- Task item -
When every entry has been read, print each one back exactly.
Records provided Start Marker
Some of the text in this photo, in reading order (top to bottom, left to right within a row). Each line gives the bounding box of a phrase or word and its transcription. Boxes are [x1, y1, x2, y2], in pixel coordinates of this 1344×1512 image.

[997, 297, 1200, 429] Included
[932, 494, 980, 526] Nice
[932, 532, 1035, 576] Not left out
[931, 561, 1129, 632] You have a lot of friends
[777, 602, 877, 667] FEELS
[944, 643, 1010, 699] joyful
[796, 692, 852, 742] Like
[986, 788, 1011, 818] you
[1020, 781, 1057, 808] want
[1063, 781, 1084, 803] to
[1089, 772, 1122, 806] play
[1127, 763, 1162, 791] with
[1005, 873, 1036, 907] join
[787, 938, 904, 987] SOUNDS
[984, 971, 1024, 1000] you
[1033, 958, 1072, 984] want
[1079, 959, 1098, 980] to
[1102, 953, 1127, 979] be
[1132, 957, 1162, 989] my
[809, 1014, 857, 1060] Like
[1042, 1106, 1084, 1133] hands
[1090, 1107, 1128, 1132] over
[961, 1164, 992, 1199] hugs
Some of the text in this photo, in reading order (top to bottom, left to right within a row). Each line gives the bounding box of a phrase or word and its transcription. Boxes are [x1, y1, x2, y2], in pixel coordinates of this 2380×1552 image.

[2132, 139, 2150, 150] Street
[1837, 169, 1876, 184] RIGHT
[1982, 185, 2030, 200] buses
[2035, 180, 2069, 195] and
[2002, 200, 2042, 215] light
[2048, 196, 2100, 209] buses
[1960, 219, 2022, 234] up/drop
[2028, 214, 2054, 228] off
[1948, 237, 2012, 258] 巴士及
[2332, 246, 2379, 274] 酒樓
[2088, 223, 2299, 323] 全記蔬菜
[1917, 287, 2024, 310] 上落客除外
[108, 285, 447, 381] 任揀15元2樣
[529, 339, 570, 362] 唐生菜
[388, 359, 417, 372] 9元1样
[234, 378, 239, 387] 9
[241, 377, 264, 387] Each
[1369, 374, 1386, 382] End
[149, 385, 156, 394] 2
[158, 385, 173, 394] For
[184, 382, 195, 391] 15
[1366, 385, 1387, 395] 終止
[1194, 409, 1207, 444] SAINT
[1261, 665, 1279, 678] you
Records provided End Marker
- Written answer -
Some of the text in this photo, in reading order (top to bottom, left to right within a row). Each line gives the bounding box of a phrase or word and its transcription. Boxes are [x1, y1, x2, y2], in pixel coordinates of this 1344×1512 image.

[997, 297, 1200, 429] Included
[932, 494, 980, 526] Nice
[932, 532, 1035, 576] Not left out
[931, 561, 1129, 632] You have a lot of friends
[777, 602, 877, 667] FEELS
[944, 643, 1010, 699] joyful
[796, 692, 852, 742] Like
[986, 788, 1011, 818] you
[1020, 781, 1057, 808] want
[1063, 781, 1084, 803] to
[1089, 772, 1122, 806] play
[1127, 763, 1162, 791] with
[1005, 873, 1036, 907] join
[787, 938, 904, 987] SOUNDS
[984, 971, 1024, 1000] you
[1033, 958, 1072, 984] want
[1079, 959, 1098, 980] to
[1102, 953, 1127, 979] be
[1132, 957, 1162, 989] my
[809, 1014, 857, 1060] Like
[1042, 1106, 1084, 1133] hands
[1090, 1107, 1128, 1132] over
[961, 1164, 992, 1199] hugs
Some of the text in this photo, in reading order (top to bottom, left to right within a row). Each line gives the bounding box of a phrase or word and its transcription. Boxes are [x1, y1, x2, y2], in pixel coordinates of this 2380×1552 image.

[2132, 139, 2150, 150] Street
[1837, 169, 1876, 184] RIGHT
[1982, 185, 2030, 200] buses
[2035, 180, 2069, 195] and
[2002, 200, 2042, 215] light
[2048, 196, 2100, 209] buses
[1960, 219, 2022, 234] up/drop
[2028, 214, 2054, 228] off
[1948, 237, 2012, 258] 巴士及
[2332, 246, 2379, 274] 酒樓
[2088, 223, 2299, 323] 全記蔬菜
[1917, 287, 2024, 310] 上落客除外
[108, 285, 447, 381] 任揀15元2樣
[529, 339, 570, 362] 唐生菜
[388, 359, 417, 372] 9元1样
[234, 378, 239, 387] 9
[241, 377, 264, 387] Each
[1369, 374, 1386, 382] End
[149, 385, 156, 394] 2
[158, 385, 173, 394] For
[184, 382, 195, 391] 15
[1366, 385, 1387, 395] 終止
[1194, 409, 1207, 444] SAINT
[1261, 665, 1279, 678] you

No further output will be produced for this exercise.